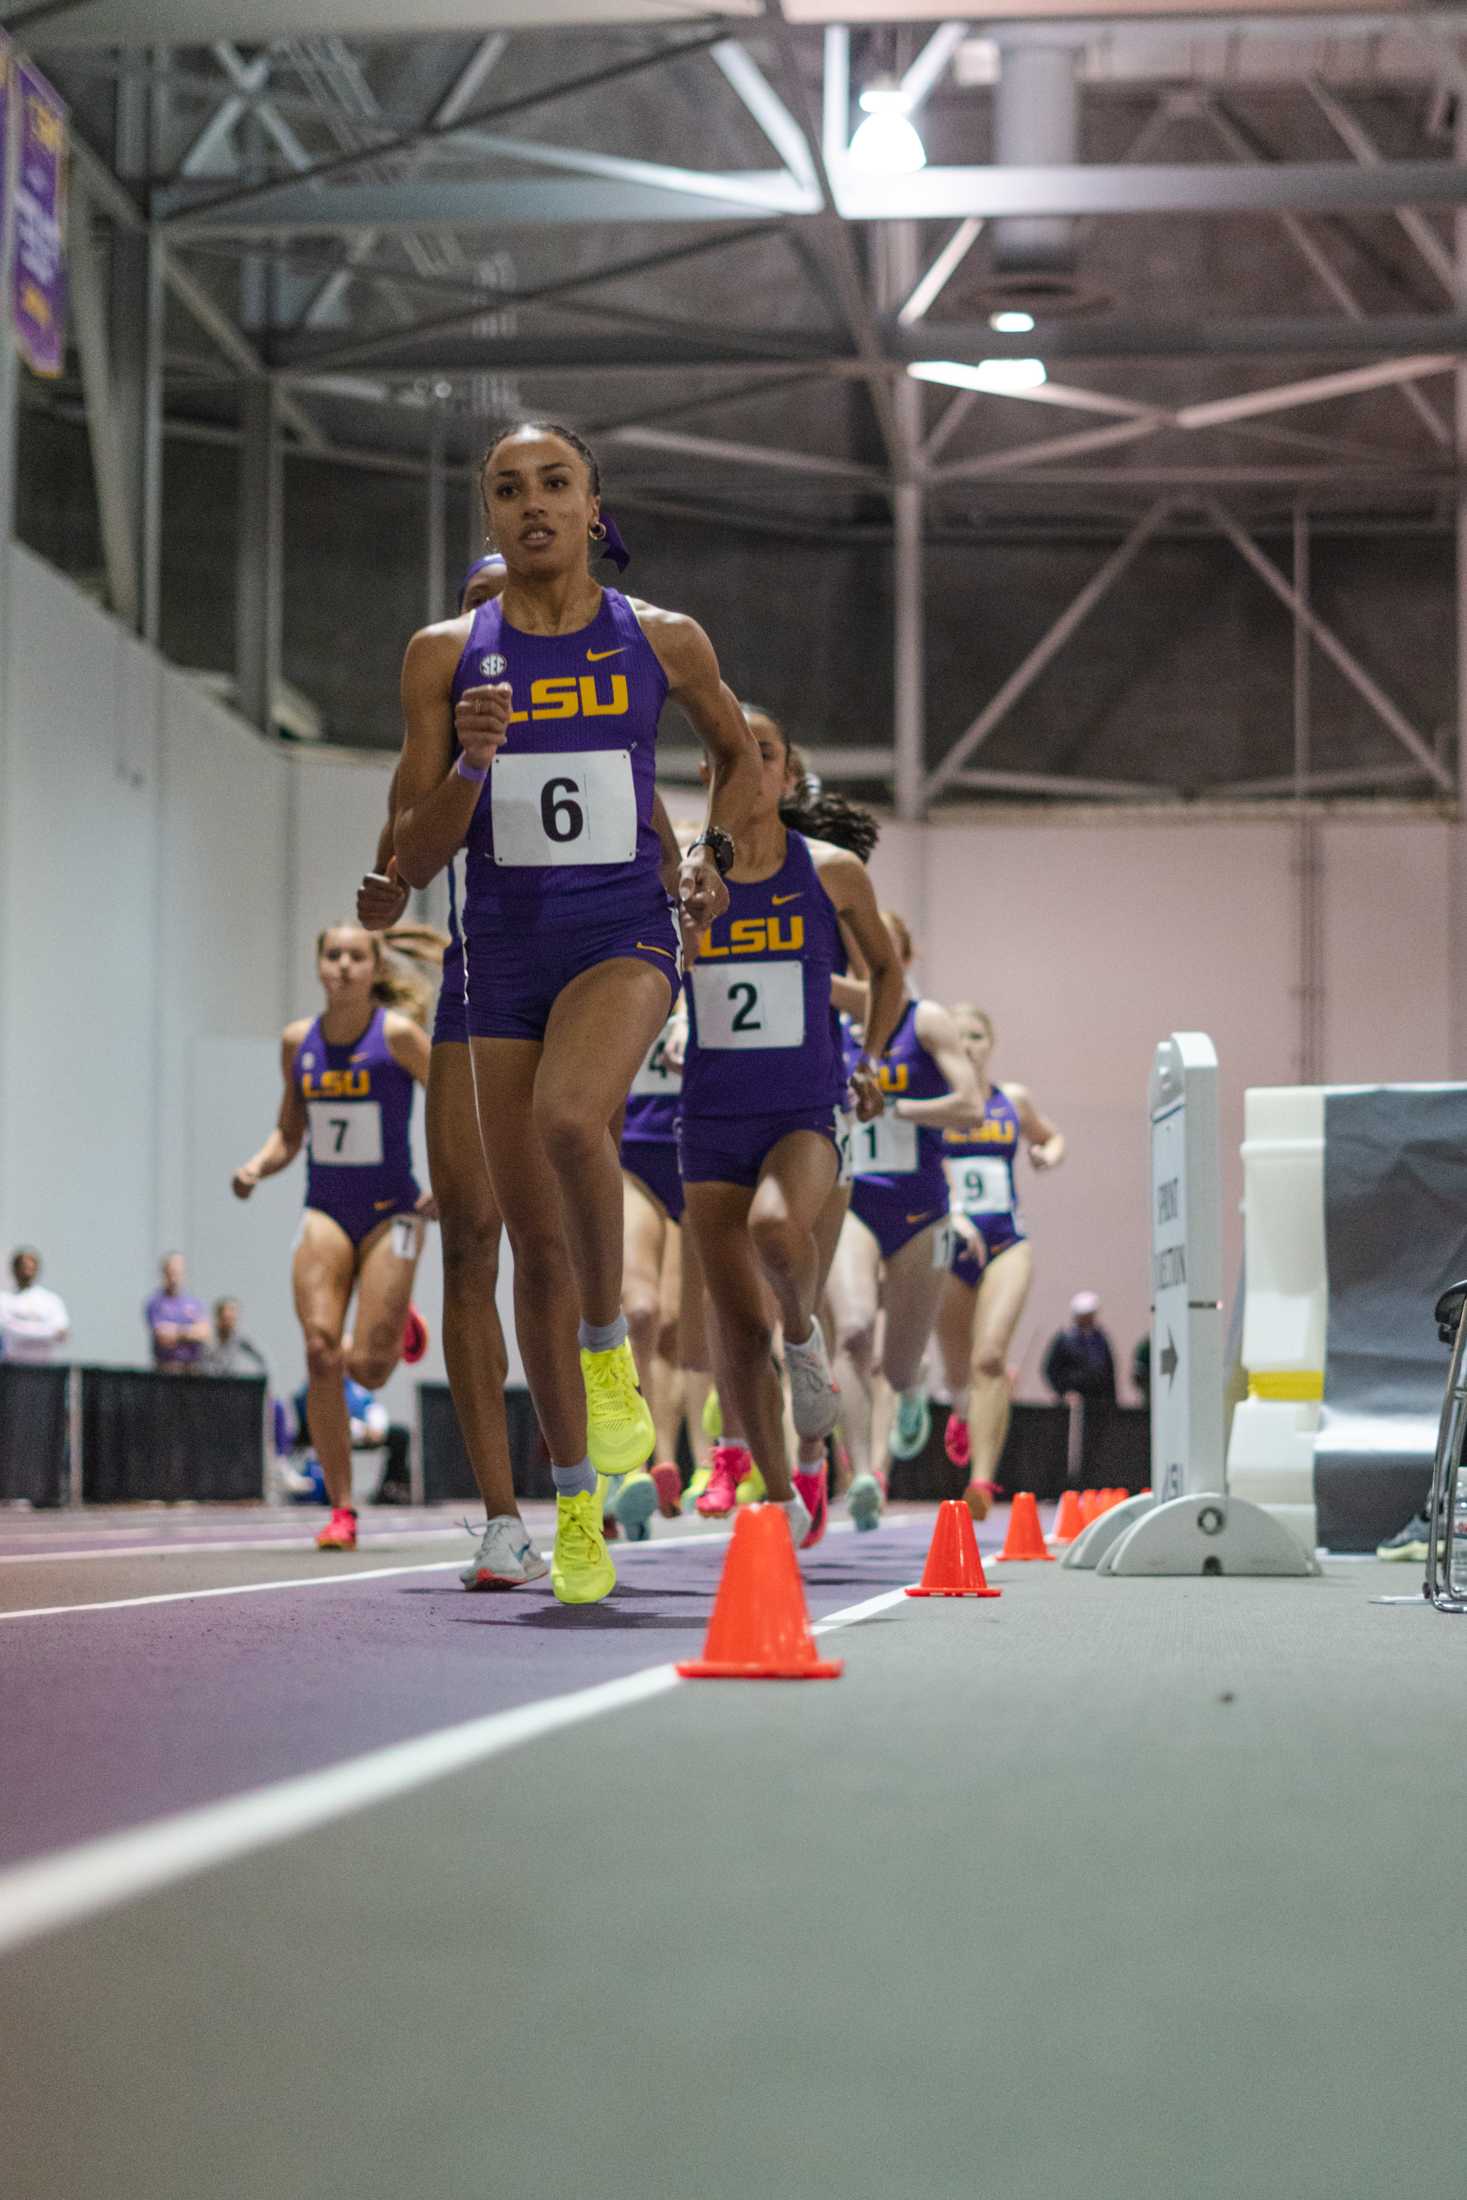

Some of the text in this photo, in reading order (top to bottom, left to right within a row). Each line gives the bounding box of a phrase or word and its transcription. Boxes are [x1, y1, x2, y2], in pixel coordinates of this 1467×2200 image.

[481, 655, 506, 676] SEC
[509, 675, 629, 724] SU
[540, 777, 584, 843] 6
[698, 915, 804, 958] LSU
[727, 982, 761, 1032] 2
[302, 1069, 370, 1097] LSU
[329, 1119, 348, 1152] 7
[862, 1124, 877, 1160] 1
[964, 1171, 984, 1202] 9
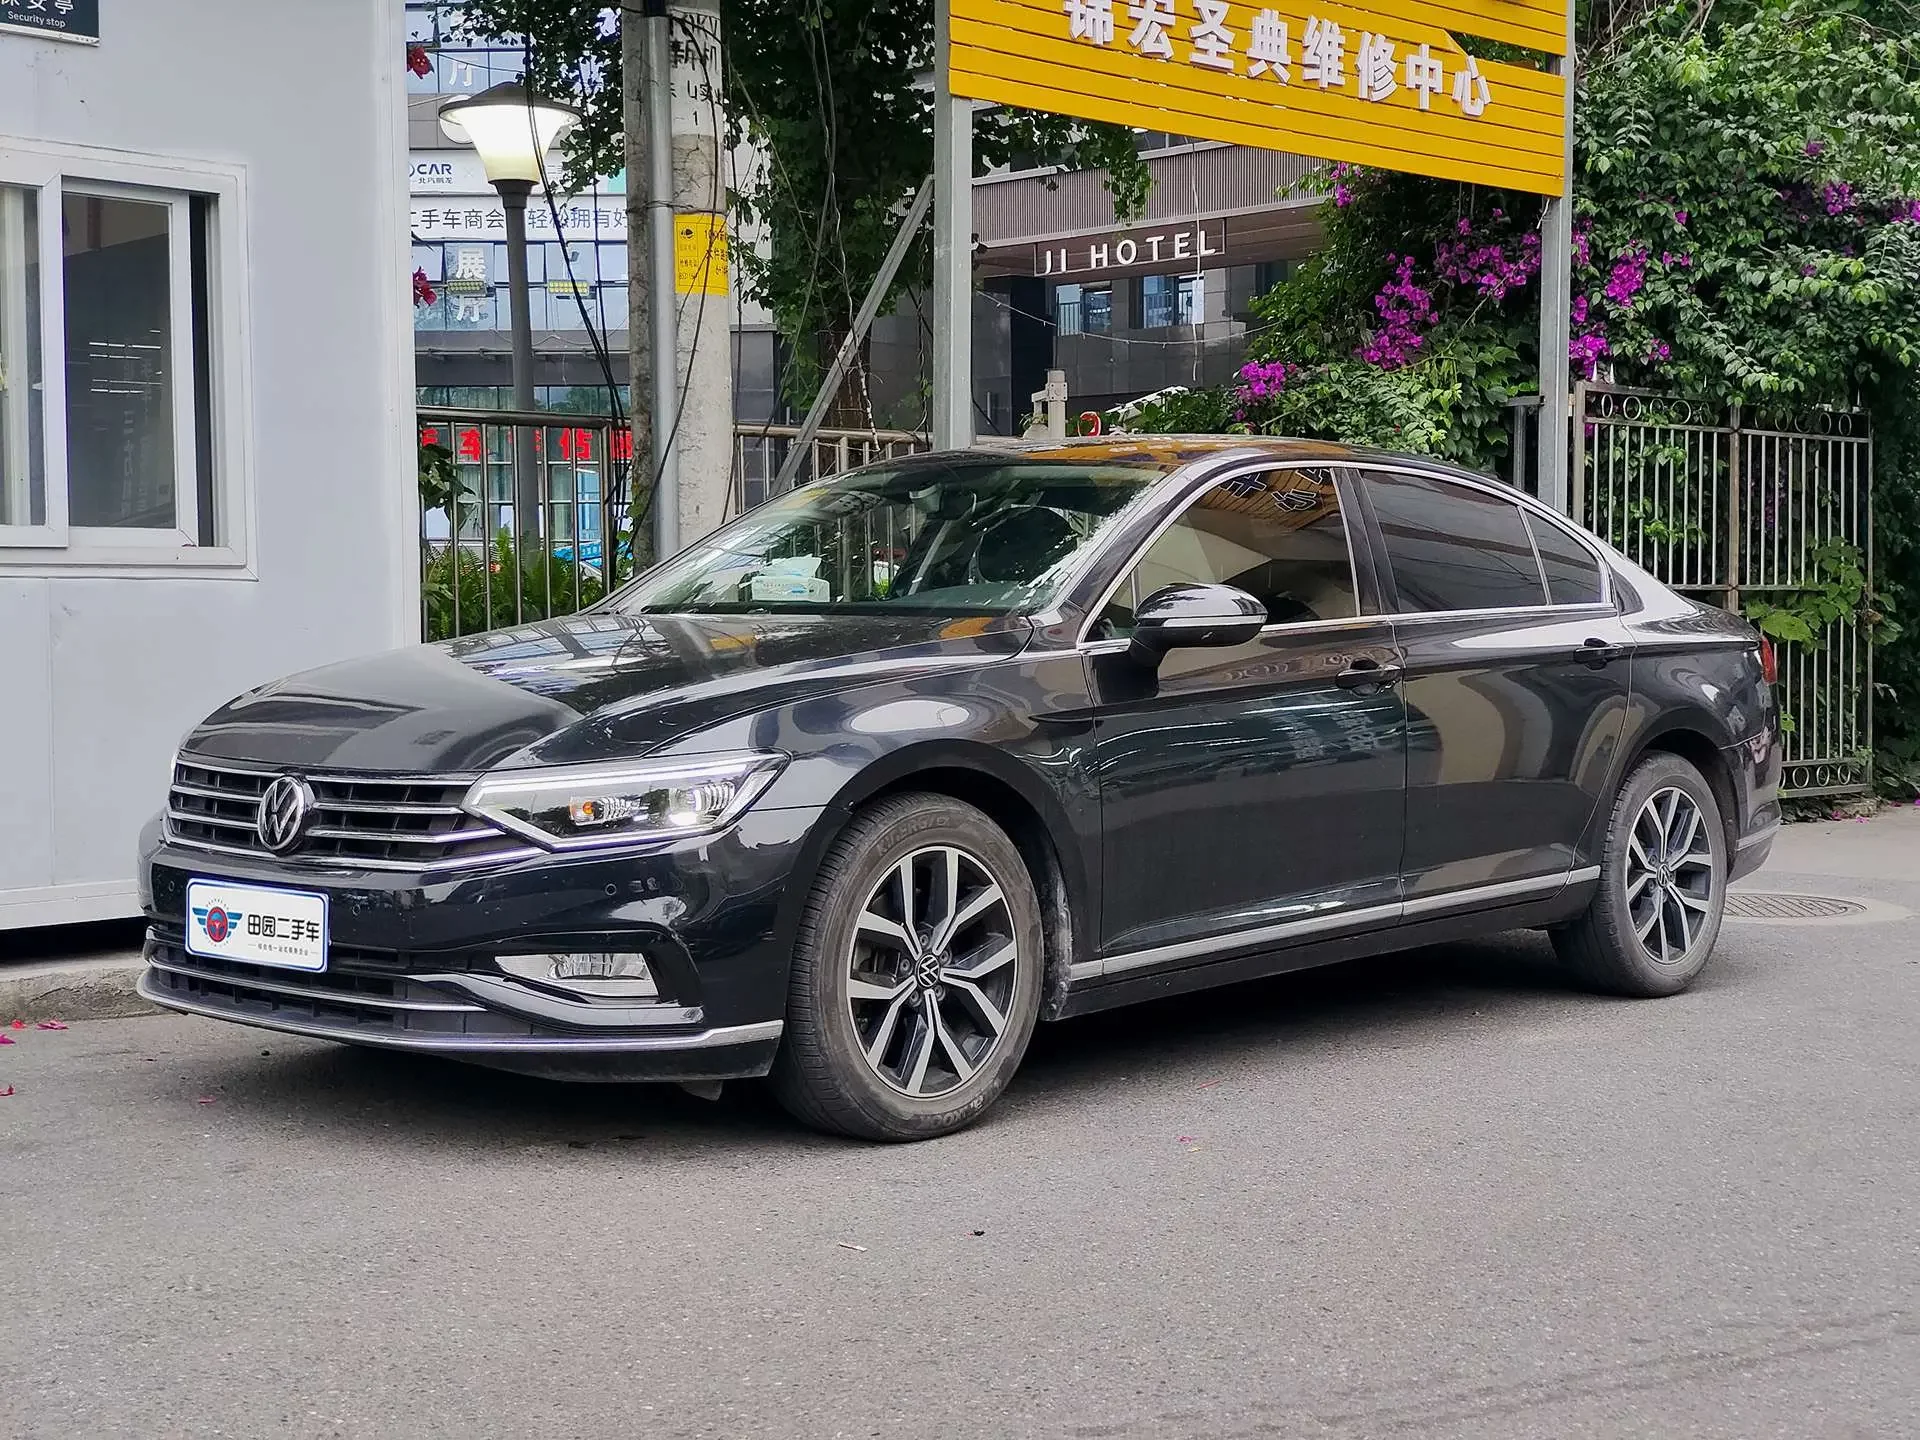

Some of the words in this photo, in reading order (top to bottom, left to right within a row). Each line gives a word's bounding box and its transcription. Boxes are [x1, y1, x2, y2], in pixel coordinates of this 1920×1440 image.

[7, 11, 44, 25] Security
[46, 18, 66, 28] stop
[1064, 0, 1491, 116] 锦宏圣典维修中心
[1045, 249, 1067, 274] JI
[1091, 231, 1216, 269] HOTEL
[247, 914, 319, 942] 田园二手车
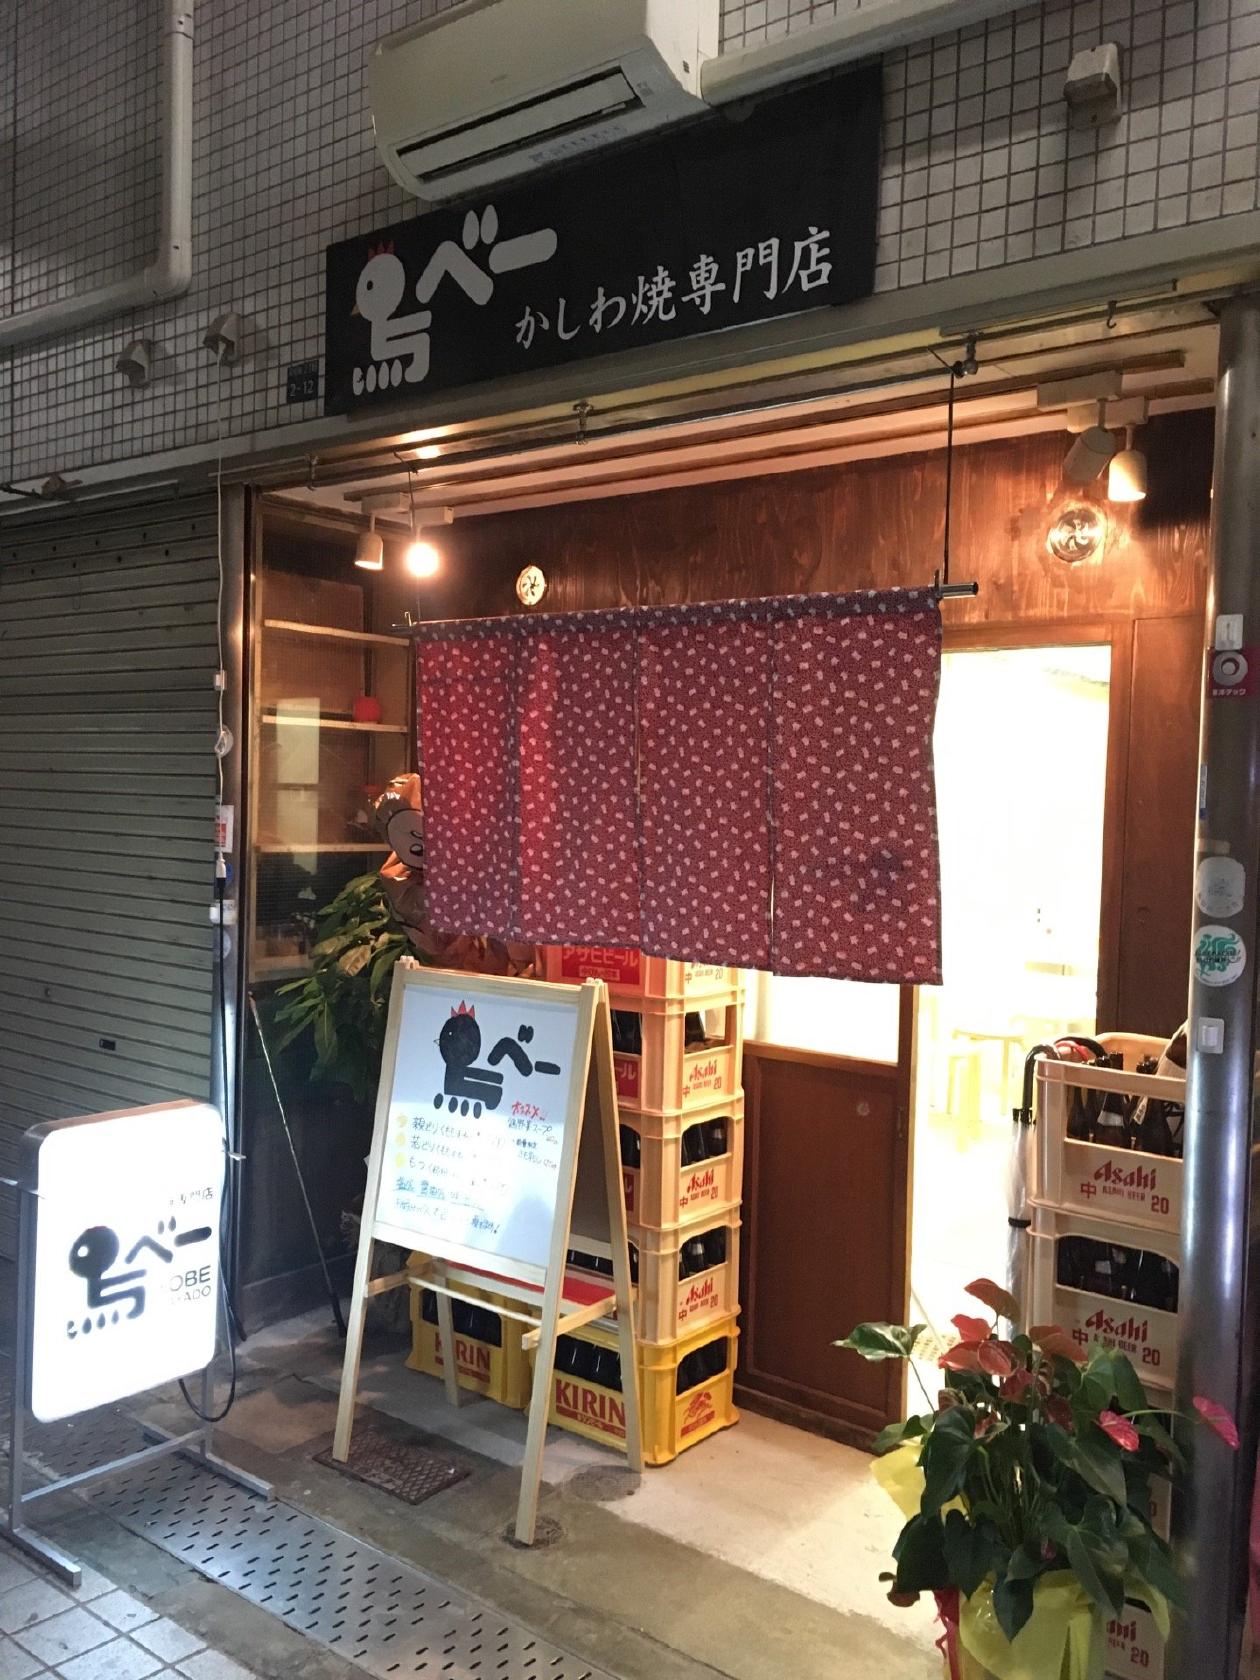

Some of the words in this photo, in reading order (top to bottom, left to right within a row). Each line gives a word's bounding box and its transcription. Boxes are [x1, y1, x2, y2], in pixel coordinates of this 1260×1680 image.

■ Work to be completed: Every entry above should be duplicated exactly. Do not include the images.

■ Exercise response:
Some of the text in this photo, in reading order (top to bottom, left to right within a row). Each line gives the bounding box of a phrase or word and its transcription. Boxes are [x1, y1, x2, y2], in pixel coordinates of this 1467×2200 image.

[481, 655, 506, 676] SEC
[509, 675, 629, 724] SU
[540, 777, 584, 843] 6
[698, 915, 804, 958] LSU
[727, 982, 761, 1032] 2
[302, 1069, 370, 1097] LSU
[329, 1119, 348, 1152] 7
[862, 1124, 877, 1160] 1
[964, 1171, 984, 1202] 9

Some of the words in this photo, in reading order (top to bottom, left to right within a row). Each line gives a word's bounding box and its transcription. Boxes are [x1, y1, x2, y2], in pixel coordinates of this 1920×1440 image.

[7, 11, 44, 25] Security
[46, 18, 66, 28] stop
[1064, 0, 1491, 116] 锦宏圣典维修中心
[1045, 249, 1067, 274] JI
[1091, 231, 1216, 269] HOTEL
[247, 914, 319, 942] 田园二手车

Some of the words in this photo, in reading order (top to bottom, left to right within a row). Each line gives a word's bounding box and its transcription. Boxes are [x1, y1, x2, y2], in pixel coordinates of this 1260×1680 image.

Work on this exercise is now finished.